Characteristics of DBMS

Data stored into Tables: Data is never directly stored into the database. Data is stored into tables, created inside the database.

Data independence: DBMS provides a level of abstraction that separates the physical storage of data from the way it is presented to users. This means that changes to the physical storage structure of the database do not affect the way data is accessed or manipulated.

Concurrent access: Multiple users can access a DBMS simultaneously, and the system ensures that transactions are executed in a consistent and reliable manner. This allows for efficient and reliable access to the data.

Security: DBMSs provide security mechanisms to prevent unauthorized access to the database. These mechanisms include authentication, access control, and encryption.

Data consistency and integrity: DBMSs enforce rules and constraints to ensure that data stored in the database is consistent and valid. This includes enforcing data types, checking for duplicates, and ensuring that data relationships are maintained.

Query Language: DBMS provides users with a Structured Query language - SQL, using which data can be easily fetched, inserted, deleted and updated in a database.

Scalability: DBMSs are designed to scale to handle large volumes of data and large numbers of users. This includes support for distributed databases, replication, and partitioning.

Backup and recovery: DBMSs provide mechanisms for backing up and recovering data in case of system failures or disasters.

Performance tuning: DBMSs provide tools and mechanisms for optimizing the performance of database operations. This includes indexing, caching, and query optimization.

Data Abstraction in DBMS

Data abstraction is a fundamental concept in DBMS (Database Management System) that refers to the process of hiding the complexity of the data stored in a database from the end-user. It provides a level of abstraction that allows users to interact with the data without having to understand its underlying complexity.

There are three levels of data abstraction in DBMS:

Physical level: The physical level is the lowest level of data abstraction, and it deals with the actual storage and organization of data on the physical storage media, such as hard disks. This level defines the physical layout of data, including the data types, record formats, and storage mechanisms.

Logical level: The logical level is the next level of data abstraction, and it deals with the way data is organized and presented to users. This level defines the logical structure of the database, including tables, fields, relationships, and constraints. It provides a conceptual view of the data that is independent of the physical storage details.
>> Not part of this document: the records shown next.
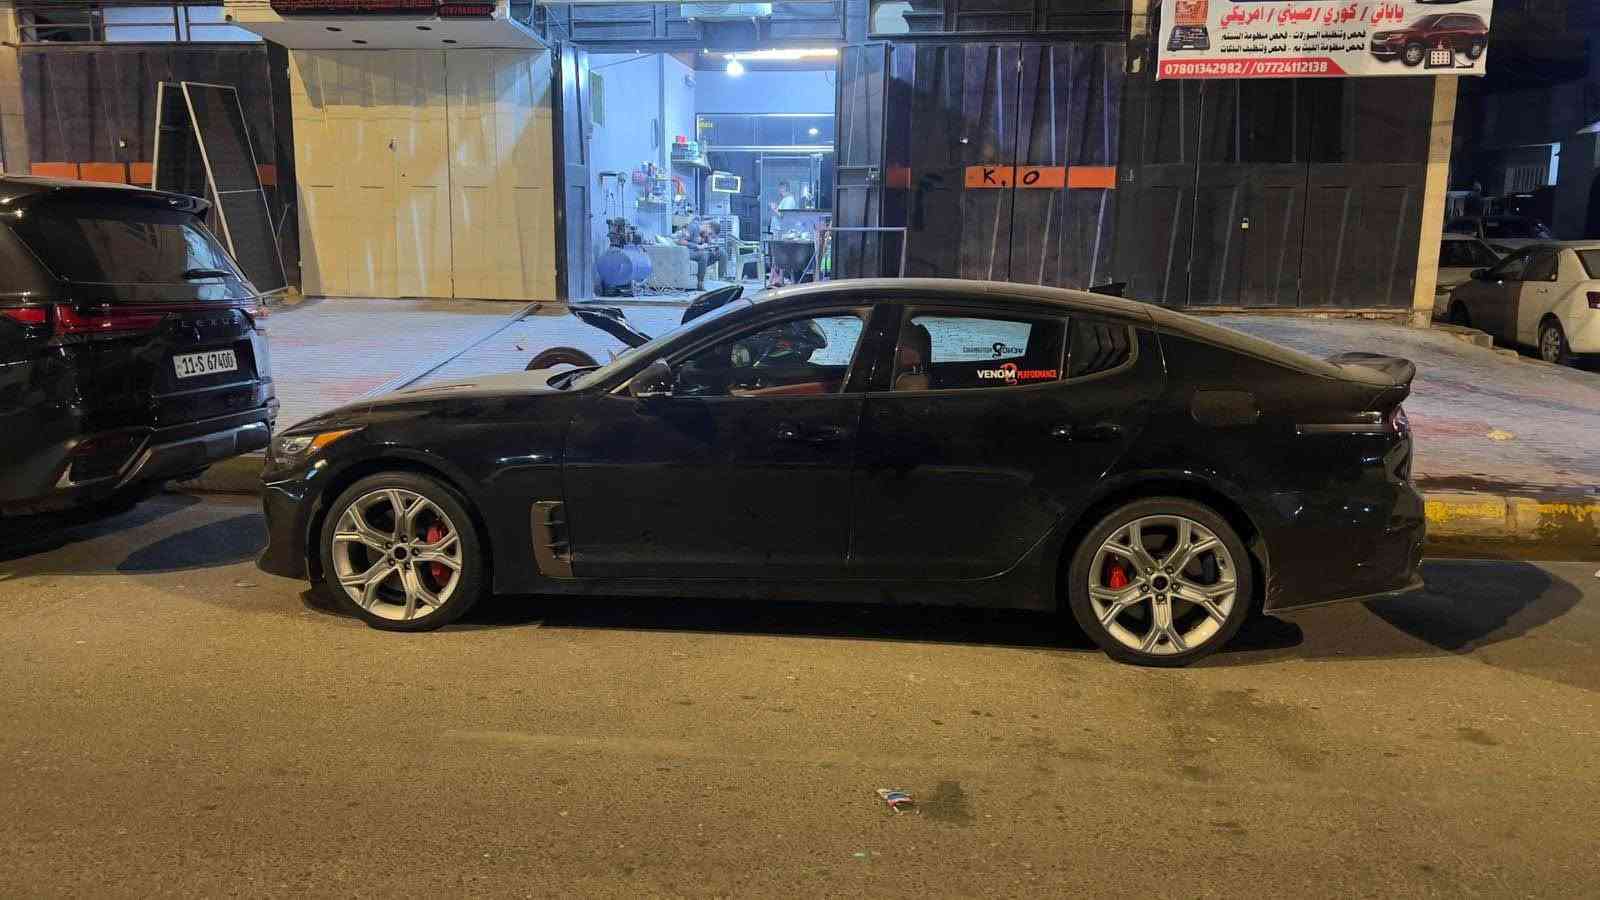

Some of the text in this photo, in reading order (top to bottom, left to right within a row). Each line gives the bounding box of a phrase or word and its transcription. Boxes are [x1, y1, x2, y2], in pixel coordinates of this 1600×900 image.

[1277, 4, 1313, 26] صيني
[1322, 3, 1358, 25] كوري
[1269, 31, 1287, 41] فحص
[1347, 30, 1366, 40] فحص
[1268, 43, 1286, 53] فحص
[1346, 42, 1364, 52] فحص
[977, 369, 1015, 379] VENOM
View level: The view level is the highest level of data abstraction, and it deals with the way data is presented to different users and applications. This level provides a customized view of the data to each user or group of users, depending on their specific needs and preferences. Views can be used to hide certain aspects of the data, such as sensitive information or complex data relationships, from users who do not need to see them.

Define Data Modeling

Data modeling is the process of creating a visual representation of either a whole information system or parts of it to communicate connections between data points and structures.

The goal is to illustrate the types of data used and stored within the system, the relationships among these data types, the ways the data can be grouped and organized and its formats and attributes.

Data models are built around business needs. Rules and requirements are defined upfront through feedback from business stakeholders so they can be incorporated into the design of a new system or adapted in the iteration of an existing one.

Data can be modeled at various levels of abstraction. The process begins by collecting information about business requirements from stakeholders and end users. These business rules are then translated into data structures to formulate a concrete database design. A data model can be compared to a roadmap, an architect’s blueprint or any formal diagram that facilitates a deeper understanding of what is being designed.

Data modeling employs standardized schemas and formal techniques. This provides a common, consistent, and predictable way of defining and managing data resources across an organization, or even beyond.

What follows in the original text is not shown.